Violent City

violent city

What I must learn about Colombia is that the journey was God-driven.  My speech was taken from me in those intimidating streets except when I was supposed to (and needed to, at this point) speak about my Lord.  I wrote that letter to Catalina, not knowing who on earth she was but a sister in heaven; but God gave me the words as well as the scripture from Deuteronomy chapter thirty, and she turned out to be a Medellín prostitute.  It’s not easy.  Humbling, to be writing to a lost soul who was both selling herself and who was myself: we are all sinners and our sins equal in the eyes of the Most High.  How does God work the perfection?

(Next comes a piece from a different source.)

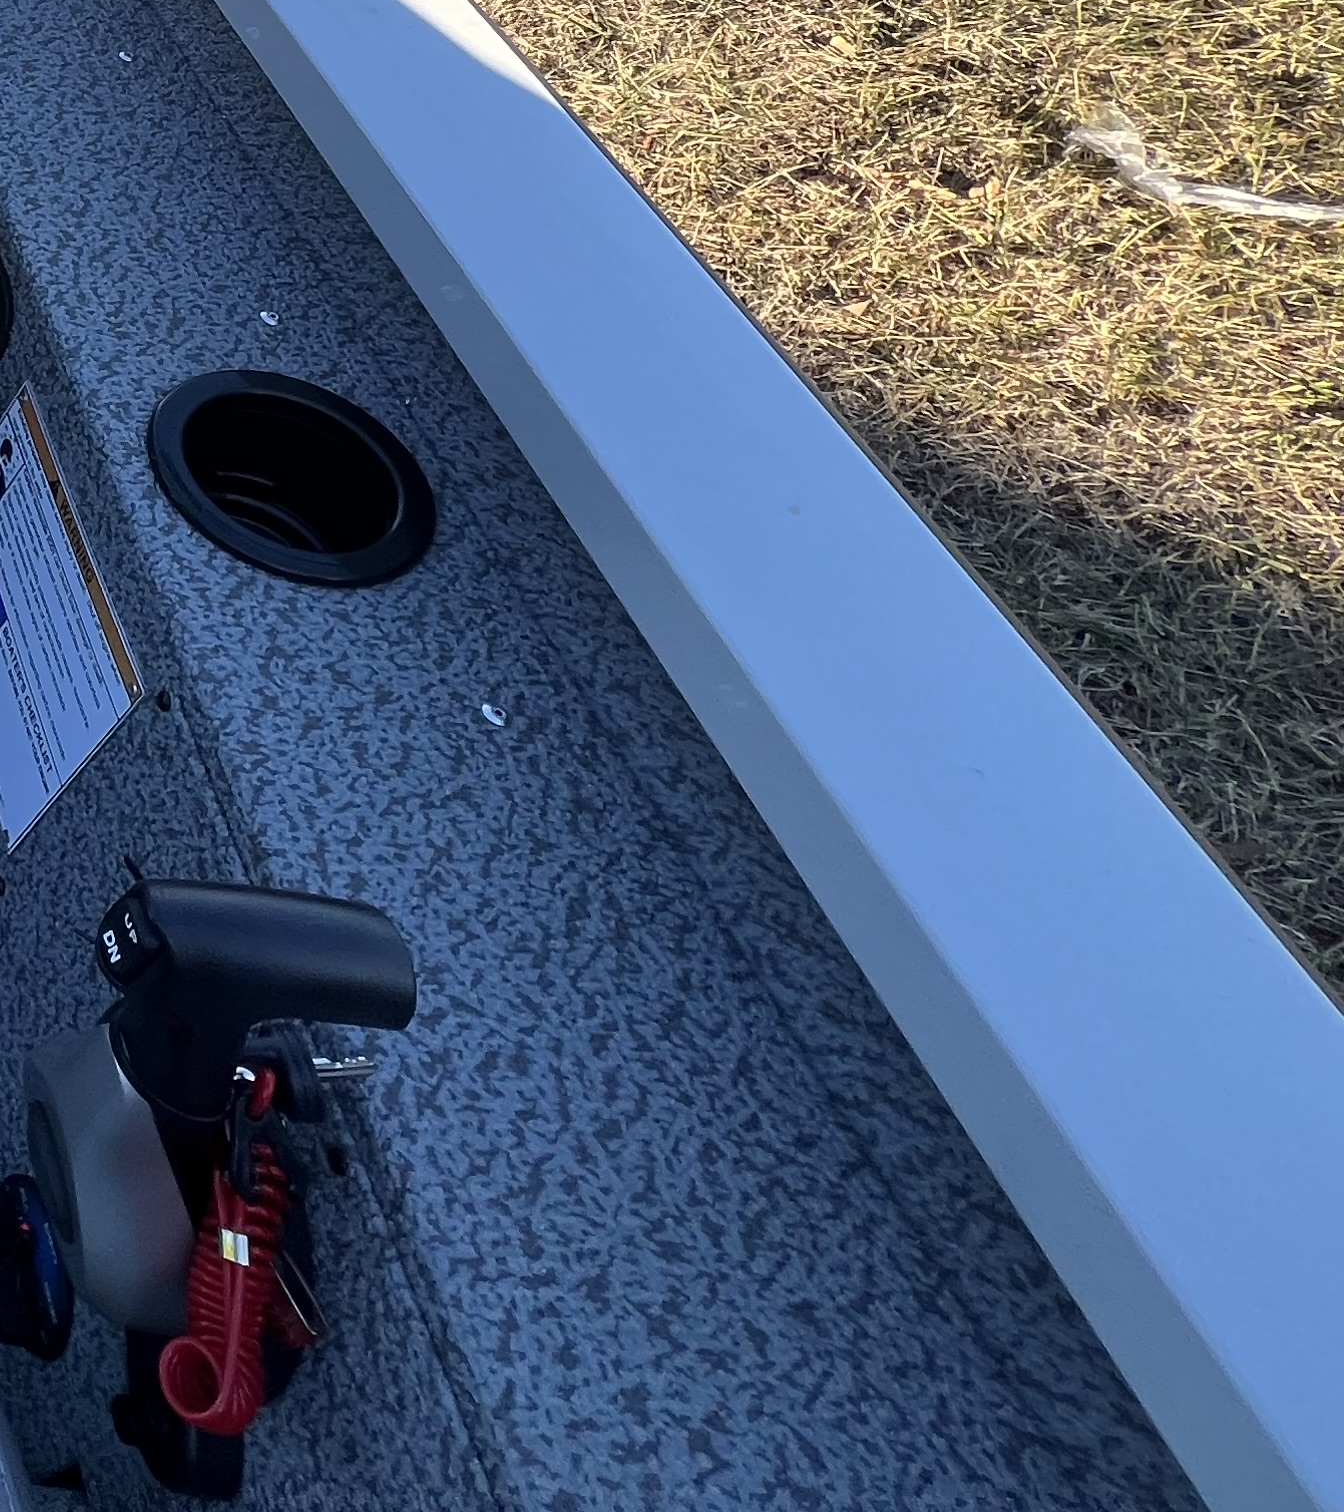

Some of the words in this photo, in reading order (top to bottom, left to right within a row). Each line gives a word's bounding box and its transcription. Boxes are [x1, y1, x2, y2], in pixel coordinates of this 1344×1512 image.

I read Thomas á Kempis in the morning and the Bible throughout the day.  I had quit my job, the first in my life that offered “upward mobility” to read the Bible cover to cover in the violent city.  People overcome by addiction or grief dotting the sidewalks all across the valley, passed out while others just stepped over them.  Even the school children were wary, like they’ve seen too much.  Carlos and Astrid, angels for me, as well as Rafa’s relatives: Luz Angelica and her brother Bernardo and his wife Nancy.  There were even a few days of good old-timey laughter–backyard sancocho and singing corridos– with these beacons of light.  In the darkest place.  Still I walked the streets alone, on my way to Spanish tutor Tallulah Flores’ apartment, or just to discover environment and practice religion.  When wandering, everything is in God’s hands and I am nothing.  Or just a speck tuned into my Creator by prayer.  Many who shared the streets have killed men.  Some live in redemption and others in paranoia.  Still others in vengeance.  Everything so fragmented because you can’t trust your neighbor and the secret life that drives him to broken action.  I saw in the crazed eyes of the man who stabbed Rafa’s friend what little value he held in human life.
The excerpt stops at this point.